From Alex Rawls‘s piece on nola.com:
Improvised music alive and well — and growing — in New Orleans | NOLA.com: “Albert’s music works both sides of that wobbly fence. Sunday night, he and his quartet will feature jazz, semi-improvised and fully improvised music at Snug Harbor, but unless you’re listening closely, it will rarely be obvious which is which. His musical instincts rarely run to atonal squeaks and skronks, and his choices are influenced by the players around him.”
Dave Cappello & Jeff Albert with William Parker: New Normal:
“If sentimentality is the synonym of nostalgia, then the antonym is anticipation, and maybe a better word would be modernity. That word comes to mind spinning the trio recording New Normal by trombonist Jeff Albert, drummer Dave Cappello and their guest, bassist William Parker. “
Long Sidewalks, Staffa (Album Review): “The whole record has swaggering, confident swing to it that will make fans of more mainstream jazz and those who favor the avant-garde side of things happy when the great music of Long Sidewalks comes out of their speakers, headphones, or ear buds.”
Dave Cappello & Jeff Albert, Duets 2014 (Album Review):
“Albert and Cappello have been playing together for over a decade, and both are masters at going beyond notes into shading, coloring, and more pure music. “
Follow the link to read the full review from offbeat Magazine.
Once again, the people who vote in the Downbeat Magazine Critics Poll have been so kind as to include my name in the list of Rising Star Trombonists.
These things can mean a lot, and they can mean nothing.
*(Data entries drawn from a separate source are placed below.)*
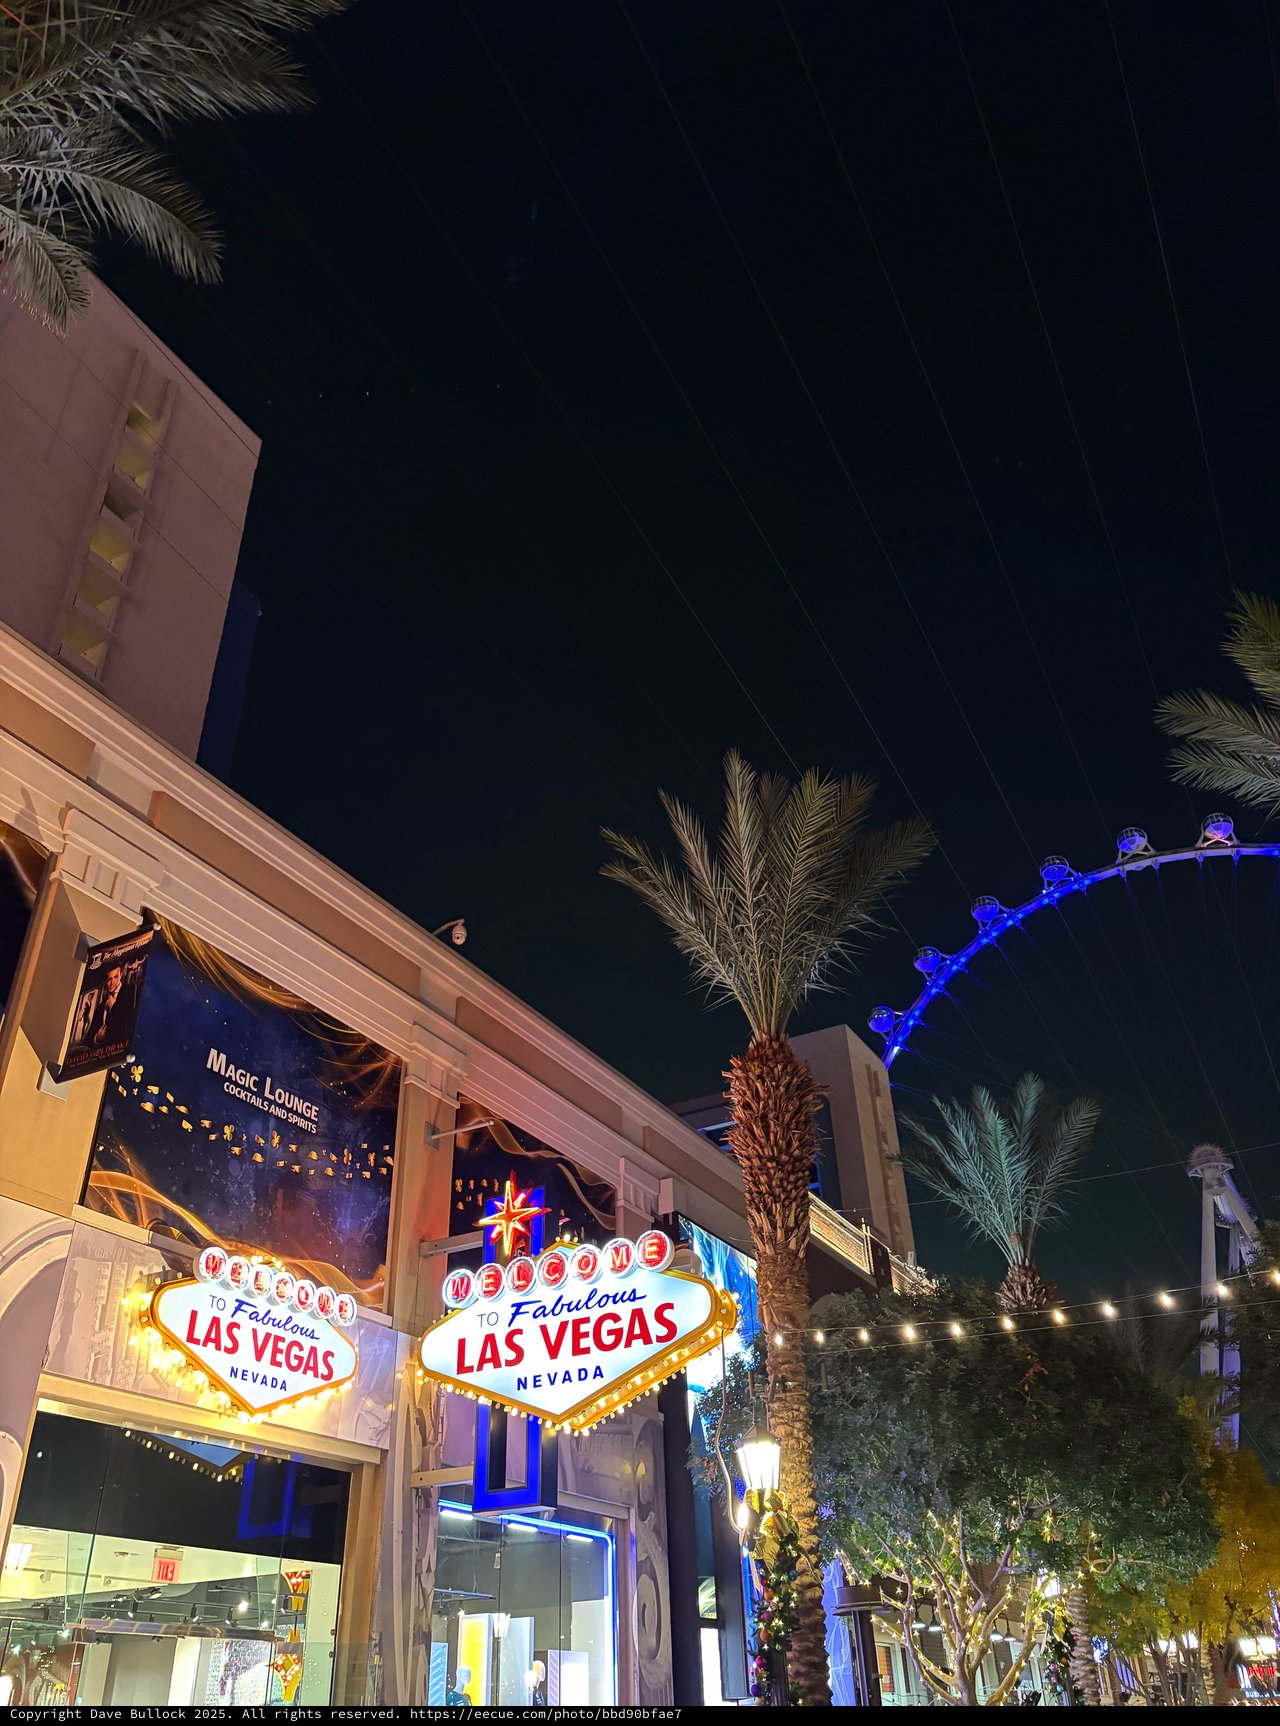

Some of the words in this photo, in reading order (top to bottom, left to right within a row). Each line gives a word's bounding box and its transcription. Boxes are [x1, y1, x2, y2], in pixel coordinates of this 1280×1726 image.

[223, 1081, 269, 1112] COCKTAILS
[269, 1104, 287, 1121] AND
[287, 1112, 318, 1134] SPIRITS
[203, 1251, 352, 1322] WELCOME
[450, 1236, 669, 1301] WELCOME
[209, 1294, 226, 1311] TO
[231, 1298, 320, 1340] Fabulous
[477, 1311, 499, 1328] TO
[508, 1287, 647, 1328] Fabulous
[186, 1309, 241, 1355] LAS
[251, 1328, 335, 1381] VEGAS
[456, 1328, 525, 1375] LAS
[539, 1302, 678, 1360] VEGAS
[229, 1366, 288, 1392] NEVADA
[516, 1365, 605, 1391] NEVADA
It is nice to be in such good company, and nice that the list is not all dudes this year.
For Downbeat Magazine’s 80th Anniversary, they published a list of the 80 coolest things in jazz. #41 is New Orleans, and Open Ears got a brief mention in the article:
At…events like Jeff Albert’s Open Ears Music Series, improvising players innovate new sonic concepts on the fly, giving listeners direct and immediate access to their creative process.
Kind words from Bill Meyer in his Still Single review of the new Steve Marquette album.
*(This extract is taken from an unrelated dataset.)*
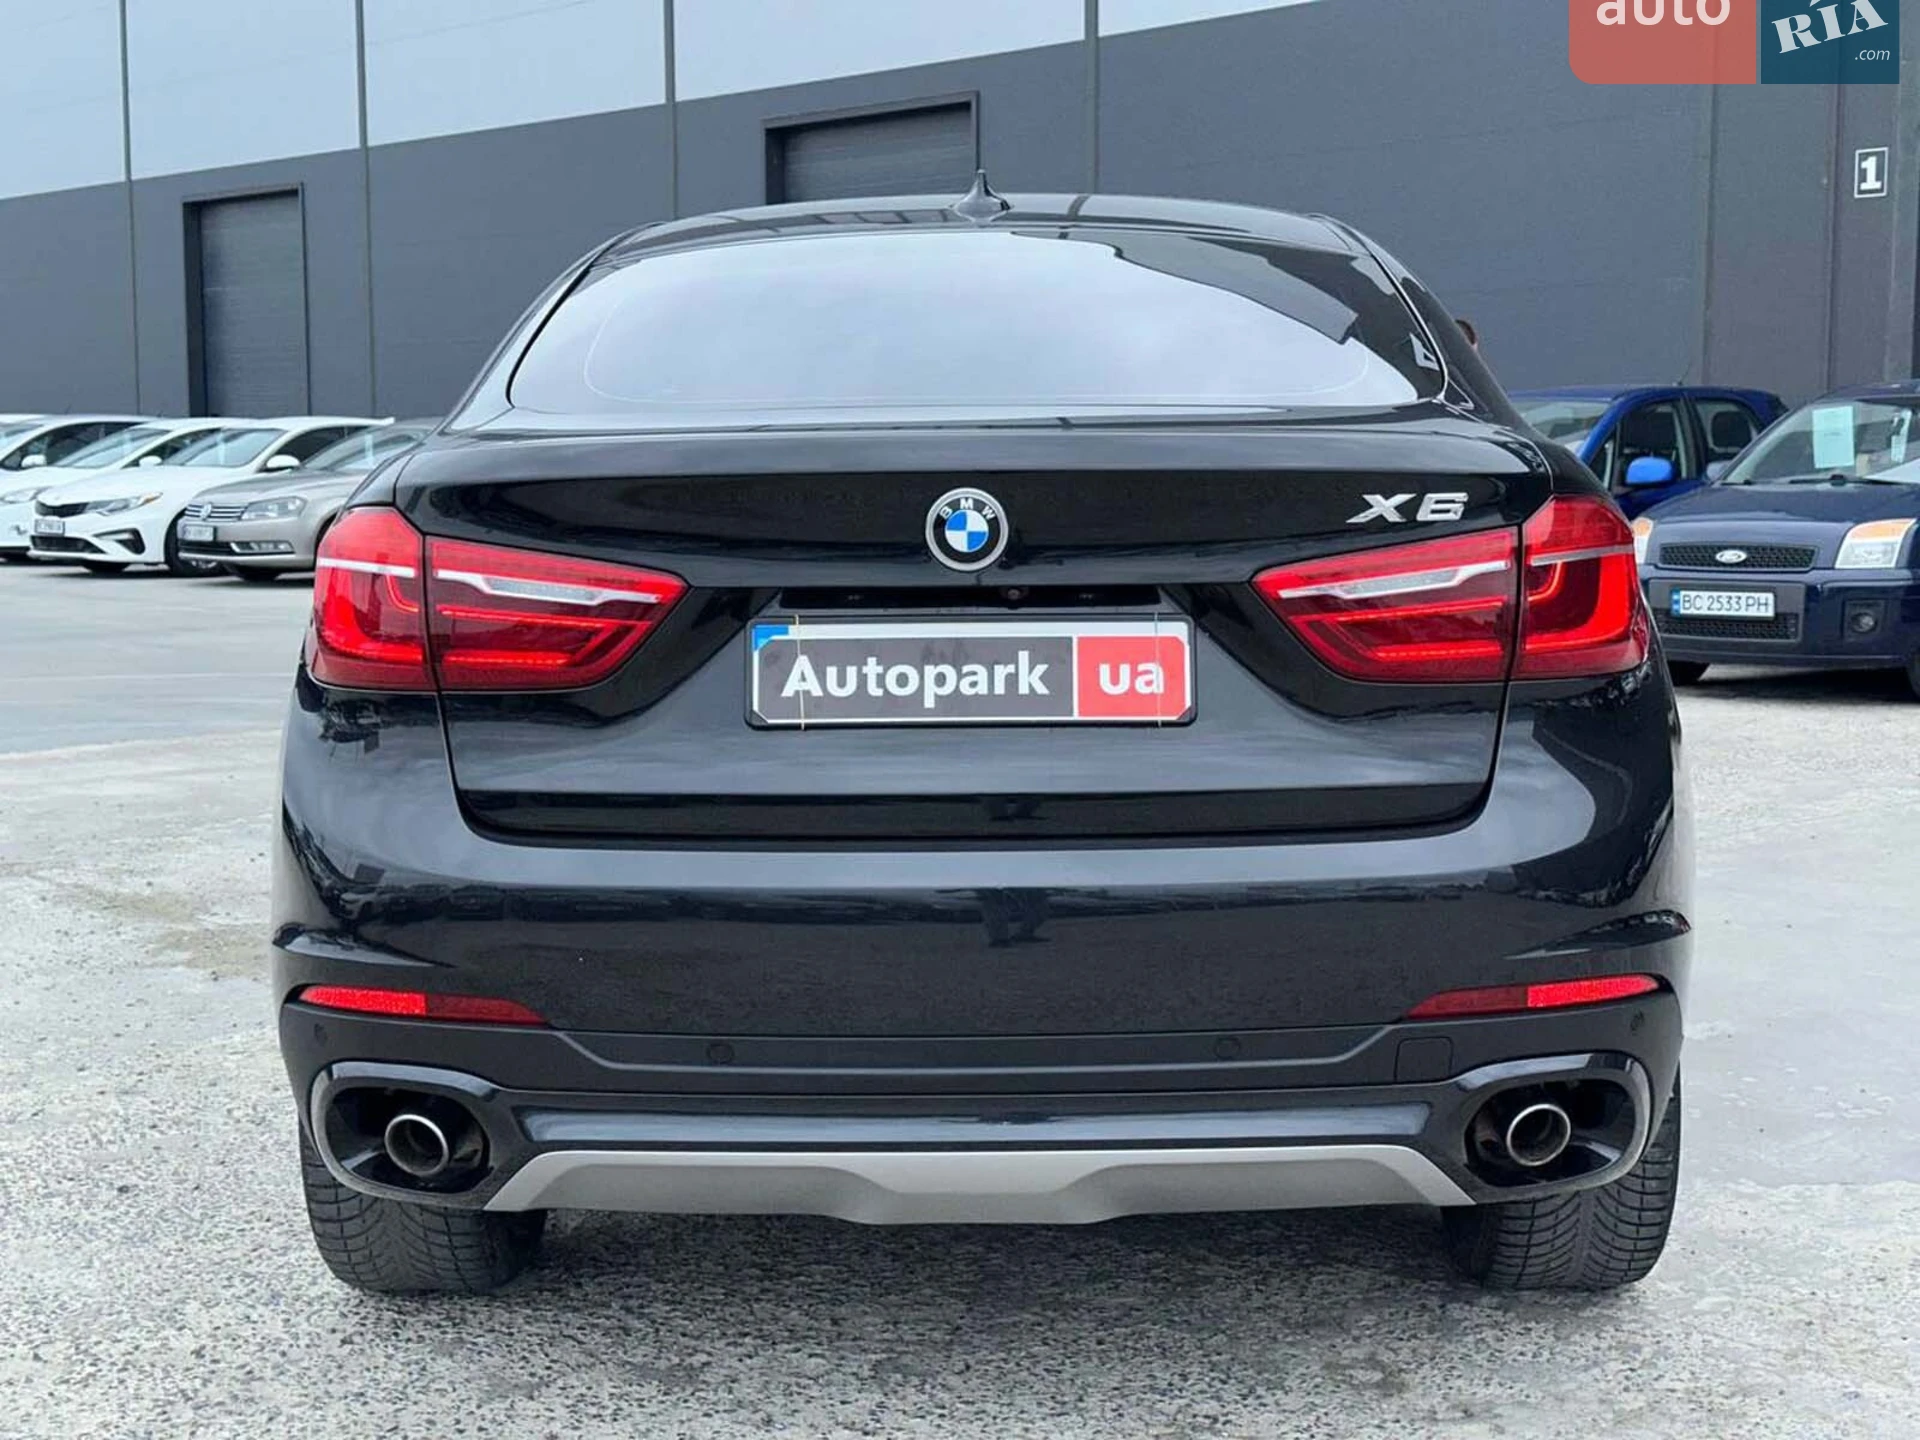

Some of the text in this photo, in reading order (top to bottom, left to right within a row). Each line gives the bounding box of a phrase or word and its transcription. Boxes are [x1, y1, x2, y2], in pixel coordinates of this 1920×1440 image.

STILL SINGLE – Steve Marquette Quintet – I Knew It Then LP (Two Cities Records):
“There and everywhere, trombonist Jeff Albert connects the dots between freeform blubber, steeplechase charge, and languid ardor so naturally that the distance between his stylistic touchstones never even comes to mind.”
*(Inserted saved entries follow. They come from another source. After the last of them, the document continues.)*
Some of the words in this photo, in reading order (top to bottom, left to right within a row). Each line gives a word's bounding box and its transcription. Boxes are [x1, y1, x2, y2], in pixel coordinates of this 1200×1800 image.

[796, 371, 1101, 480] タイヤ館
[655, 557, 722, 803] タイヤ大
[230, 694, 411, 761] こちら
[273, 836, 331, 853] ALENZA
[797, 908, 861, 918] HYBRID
“The Tree on the Mound” was released in January, but fortunately a few nice folks still remember it in December. It received an “Honorable Mention” in the New York City Jazz Record Best of 2013 list, and was named as one of nola.com’s Best Jazz Records of 2013. Both lists put us in some humbling company.
Thanks for a great 2013. See you next year.
Moment’s Notice (page 2):
“Maybe it’s the laconic, conversational drawl that is half-expected from New Orleans musicians, but the dialogue between Albert’s trombone and Jordan’s tenor is tight, buttery and telepathic, their interplay granted both complex measurement and an easy, yarn-spinning collectivity.”
Follow the above link the read the entire review by Clifford Allen.
The Jazz Session, a jazz podcast produced by Jason Crane, is making a comeback. Back in February of 2012, I recorded an interview with Jason, and it never was released because he ended the show before the CD that we spent much of the interview discussing was released. Well that CD is out now, and the show is returning, and our interview is now available. Follow the link below to hear it.
The Jazz Session » The Jazz Session #420: Jeff Albert
**A couple of notes:
I have since finished the dissertation that we talked about in the interview. If you are having trouble sleeping and would like to read it, it is here: http://research.jeffalbert.com/imp/
The CD order changed a bit since I sent him music before the interview, and one of the tunes he plays in the show, is not actually on the CD. Mixes changed some too, so the bass sounds better on the CD than on the podcast.